Now late in the season and pressing their first apples for next year, Ryan is essentially homsteading at the farm. As the barn continues to be finished around him, he presses hundred of tons of apples long into the night, and fills fermenters to the brim. Dozens of tanks are already in place, and every week more are put into place. When they're finished this winter, Virtue will be one of the largest cider makers in the state.

The barn itself is a concept from the ground up, utilizing lighting techniques and forgoing many luxuries to maintain maximum sustainability for the farm. Some time next year they plan to open a tasting room in the back, and finish renovating the farmhouse next door to host events and gatherings for Virtue. Part of the year during the pressing season, the team will live at the farm full-time.


On this breezy, chilly day, Ryan was working  alongside his dog Reuben — a city pup who now has the run of the farm. He poured Virtue's second release, Lapinette — a Norman-style cidre brut, aged in French oak barrels. The European style is one that Virtue plans to model their craft after, while developing the flavors of Michigan's own ingredients. Ryan explains:

We want to create a product that works in symbiosis with the fruit baring land that is Michigan. Our ciders are farm-based products that will change with every apple season. We are making ciders in the European tradition that show off the terroir of SW Michigan. People should think about our cider like they think about wine vintages, or like Jolly Pumpkin's beers. Cider, for us is about locality & terroir. Part of the fun, like with grapes or wild yeast, is exploring the regional component parts. Cider from MI made with MI apples is going to taste totally different that NY cider made from NY apples.

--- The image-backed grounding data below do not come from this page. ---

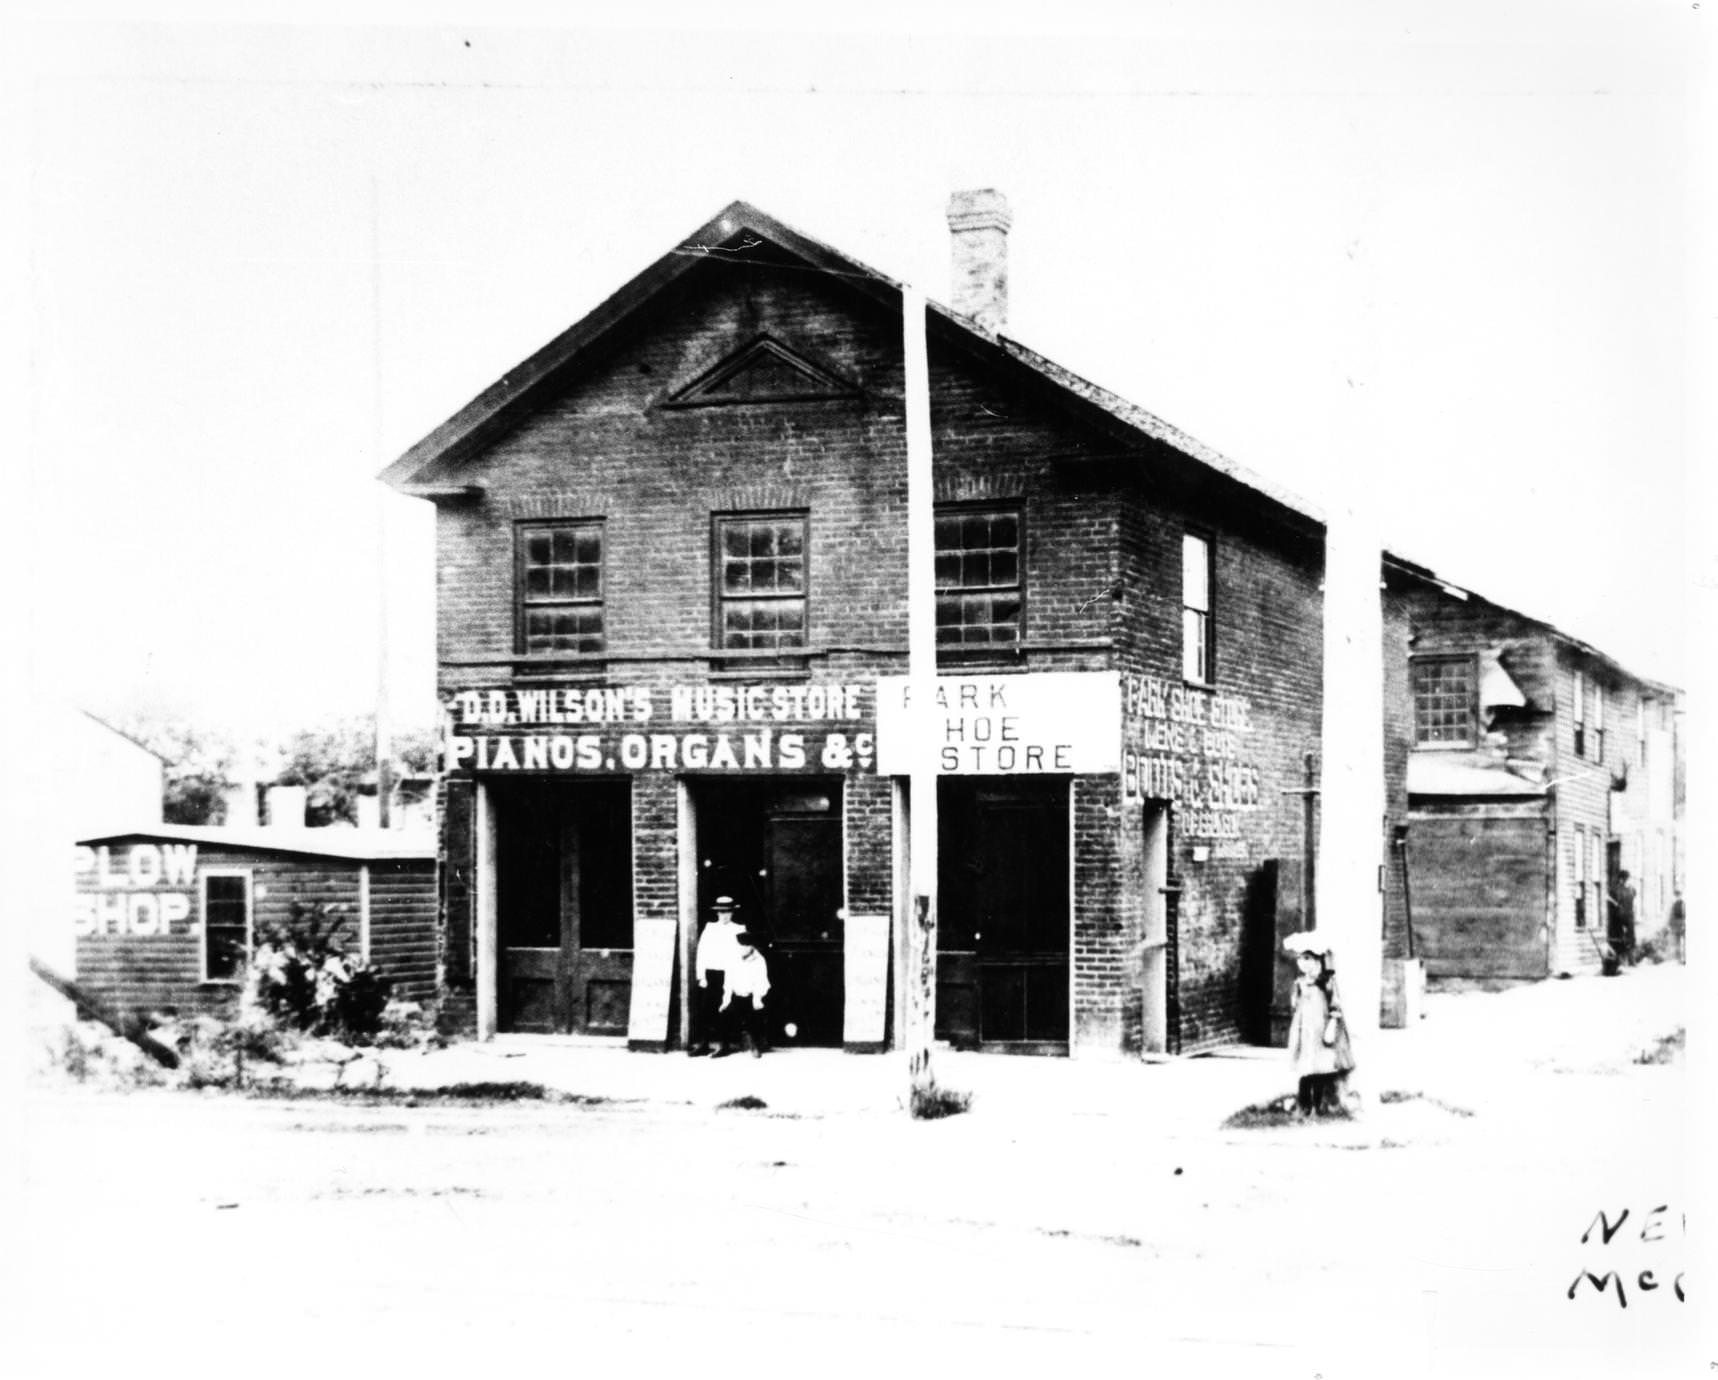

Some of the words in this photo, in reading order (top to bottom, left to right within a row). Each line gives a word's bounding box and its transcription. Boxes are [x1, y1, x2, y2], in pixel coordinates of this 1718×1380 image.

[516, 687, 652, 723] WILSON'S
[672, 685, 765, 721] MUSIC
[772, 684, 862, 720] STORE
[946, 716, 1020, 742] HOE
[621, 731, 806, 769] ORGANS
[941, 744, 1073, 771] STORE
[1580, 1204, 1686, 1246] NE
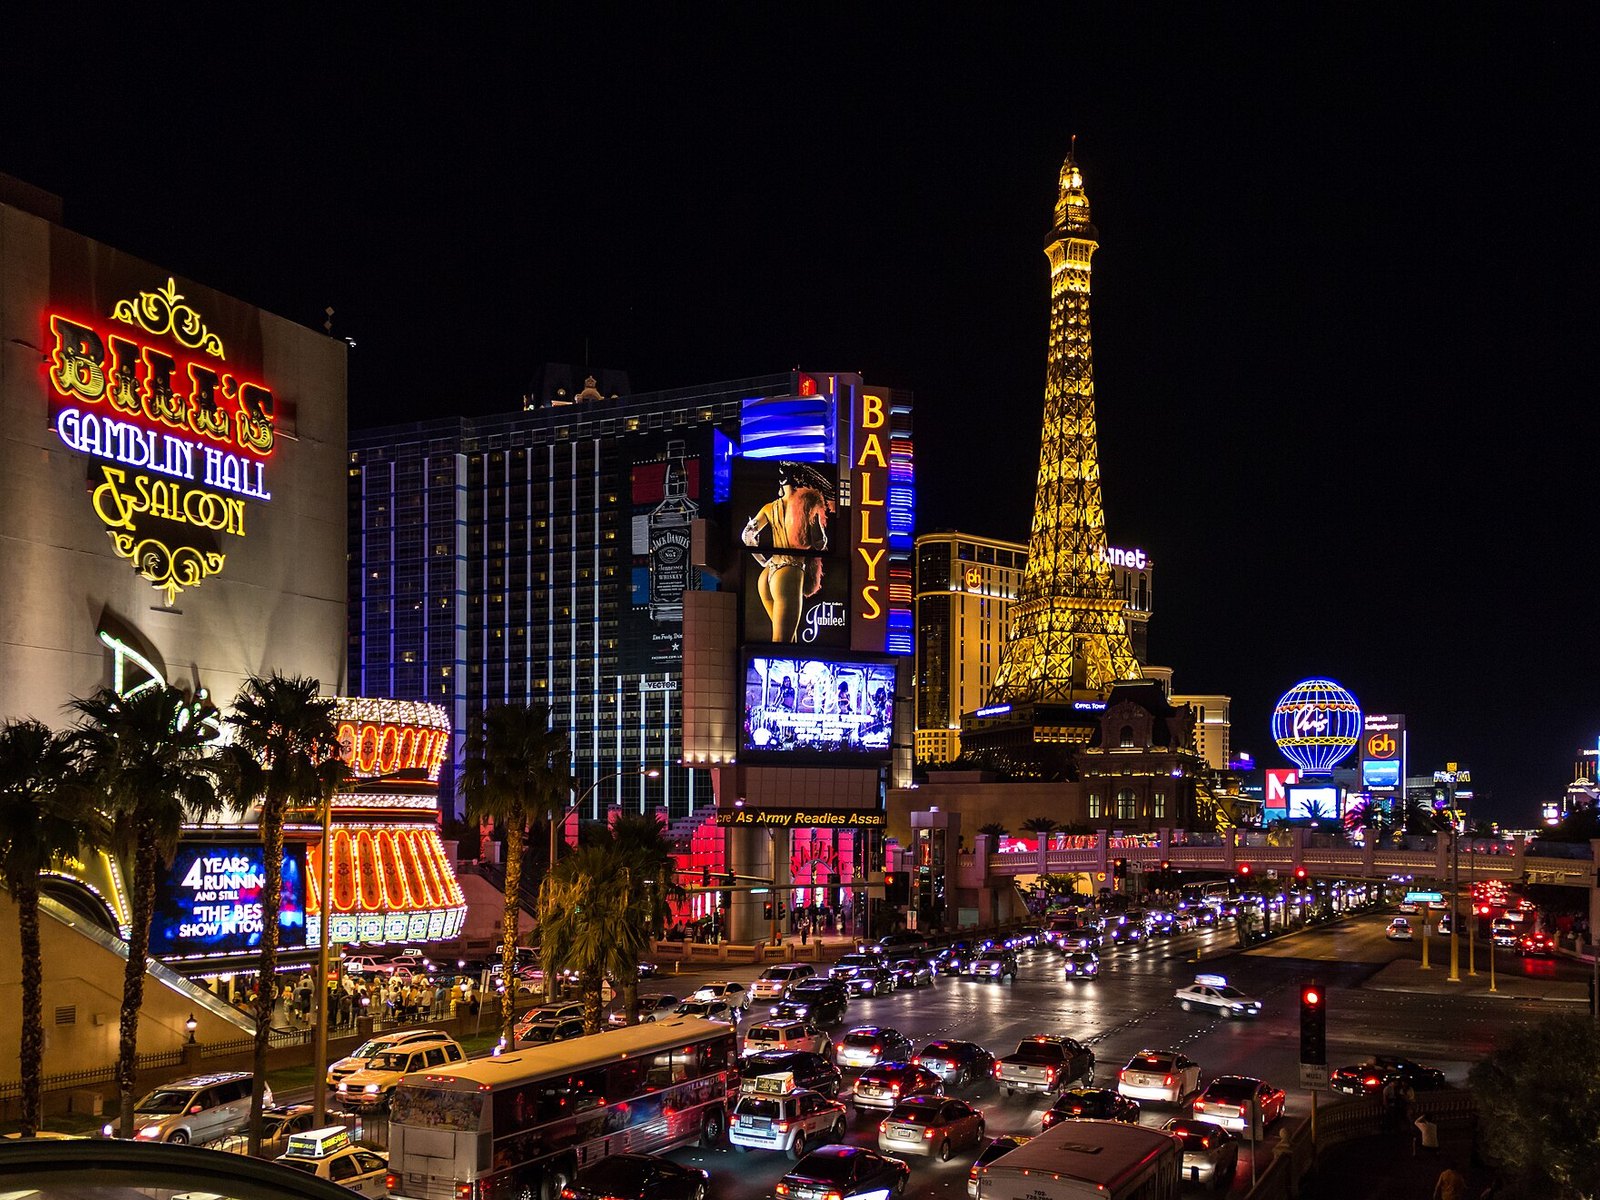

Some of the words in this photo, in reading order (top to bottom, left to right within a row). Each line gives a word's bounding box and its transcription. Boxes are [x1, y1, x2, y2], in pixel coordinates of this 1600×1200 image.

[49, 315, 275, 456] BILL'S
[57, 408, 204, 479] GAMBLIN'
[204, 446, 271, 500] HALL
[92, 465, 136, 531] &
[134, 476, 246, 537] SALOON
[857, 394, 888, 621] BALLYS
[652, 535, 667, 552] JACK
[666, 532, 691, 549] DANIEL'S
[802, 603, 846, 643] Jubilee!
[1371, 734, 1396, 754] ph
[1433, 770, 1471, 783] MGM
[736, 811, 753, 823] As
[756, 812, 792, 826] Army
[795, 812, 845, 825] Readies
[181, 857, 203, 890] 4
[203, 857, 249, 873] YEARS
[204, 873, 265, 890] RUNNIN
[194, 891, 217, 902] AND
[219, 890, 239, 900] STILL
[234, 903, 263, 921] BES
[179, 922, 220, 937] SHOW
[222, 921, 236, 935] IN
[238, 919, 264, 933] TOW

The concept of terroir is common to wine and cider makers who develop flavors through the land and seasonal differences that challenged them to adapt. It's the special characteristics that geography, geology and climate create when interacting with the plant's genetics. Only recently have brewers of beer started investigating their own point of view on terroir, growing their own hops and raising their own wheat. But for cider makers, the tradition is deep and complex.  In the coming year, Virtue Farms will be planting well over 300 apple trees of their own.


Before they headed north to build the farm in Fennville, the Virtue team was busy in Chicago sharing their flagship cider, Red Streak, with craft beer geeks and new converts. The day after Halloween, they set up for apple bobbing and pumpkin carving at Longman & Eagle in Logan Square, and served hot cider cocktails to warm our hearts and minds. 

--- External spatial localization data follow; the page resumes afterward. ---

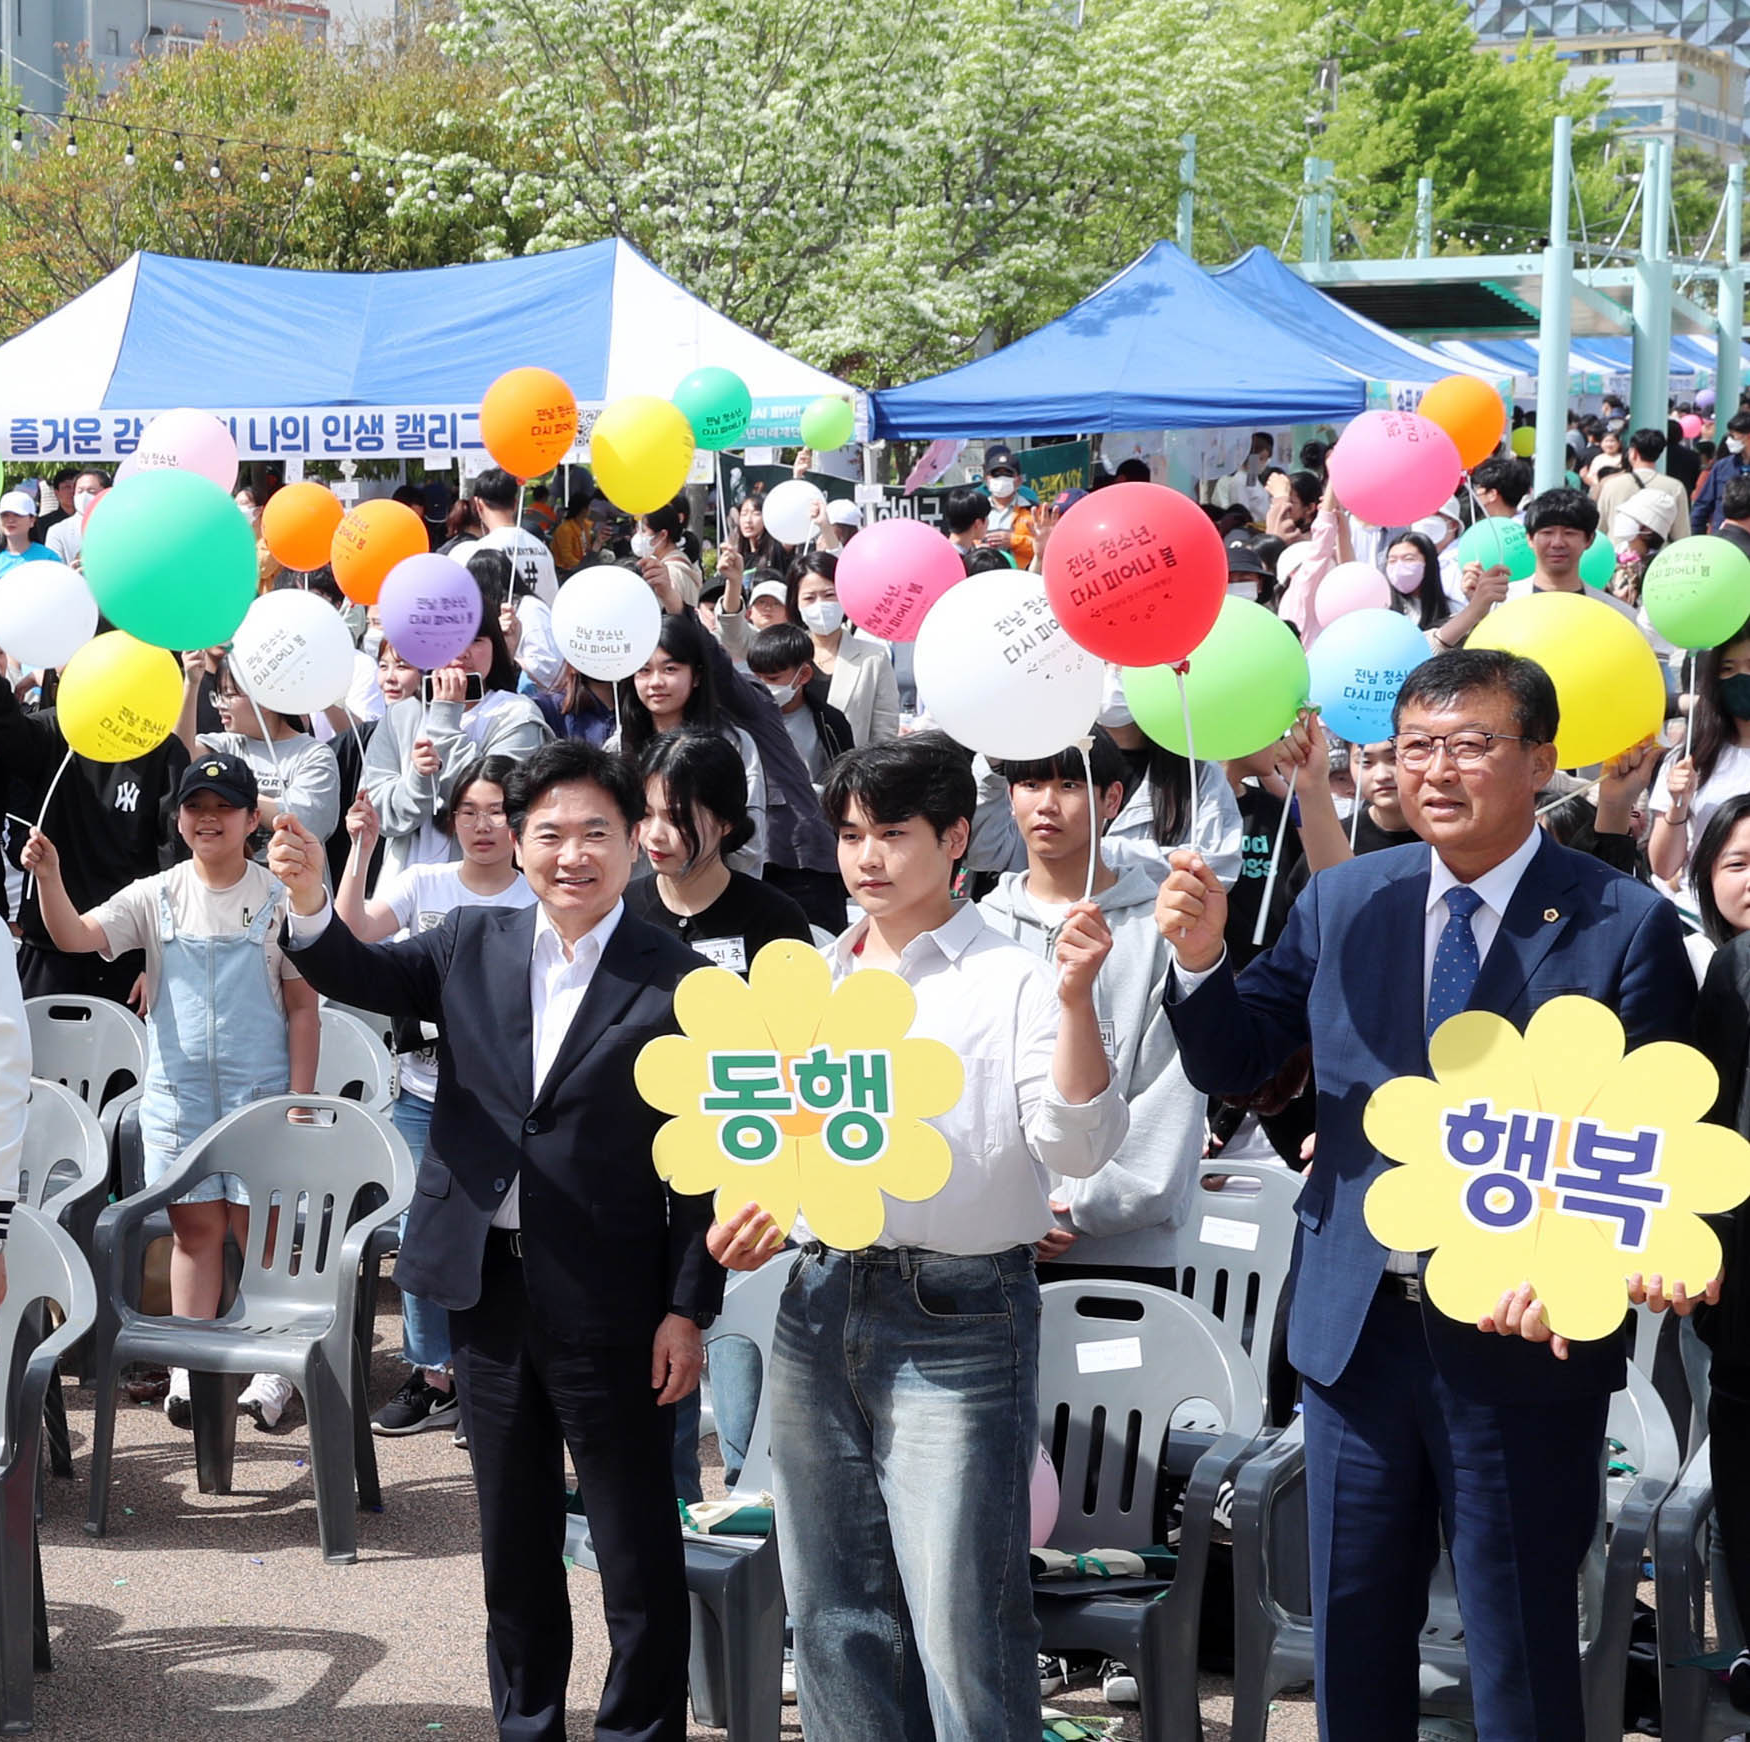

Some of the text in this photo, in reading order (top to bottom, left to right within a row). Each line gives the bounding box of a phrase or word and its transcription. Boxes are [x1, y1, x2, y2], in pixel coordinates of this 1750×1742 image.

[10, 417, 103, 455] 즐거운
[249, 416, 311, 452] 나의
[322, 414, 384, 451] 인생
[1066, 525, 1158, 579] 전남 청소년,
[1070, 581, 1102, 607] 다시
[1101, 553, 1157, 592] 피어나
[1159, 546, 1178, 569] 봄
[993, 609, 1027, 637] 전남
[1002, 634, 1038, 665] 다시
[1343, 686, 1370, 702] 다시
[1355, 668, 1379, 685] 전남
[704, 1049, 890, 1161] 동행
[1446, 1103, 1664, 1247] 행복

Many formal challenges were settled that day as cider lovers dove head-first into a vat of Red Streak cider and Red Delicious apples so large you had to bite the stem to get them out. A few brave souls, myself included, took the more agressive route, submerging up to my ears in the stuff, pressing the apple against the side to pin it down, and biting firmly into the apple to claim my prize. 


The Virtue Cider story is a beautiful one, beginning with a holistic vision for the farm, backed with a passion for the traditions of the art, and matched with unending respect and care for the land. There's no hint of compromise in the plan. There's no lack of ambition either.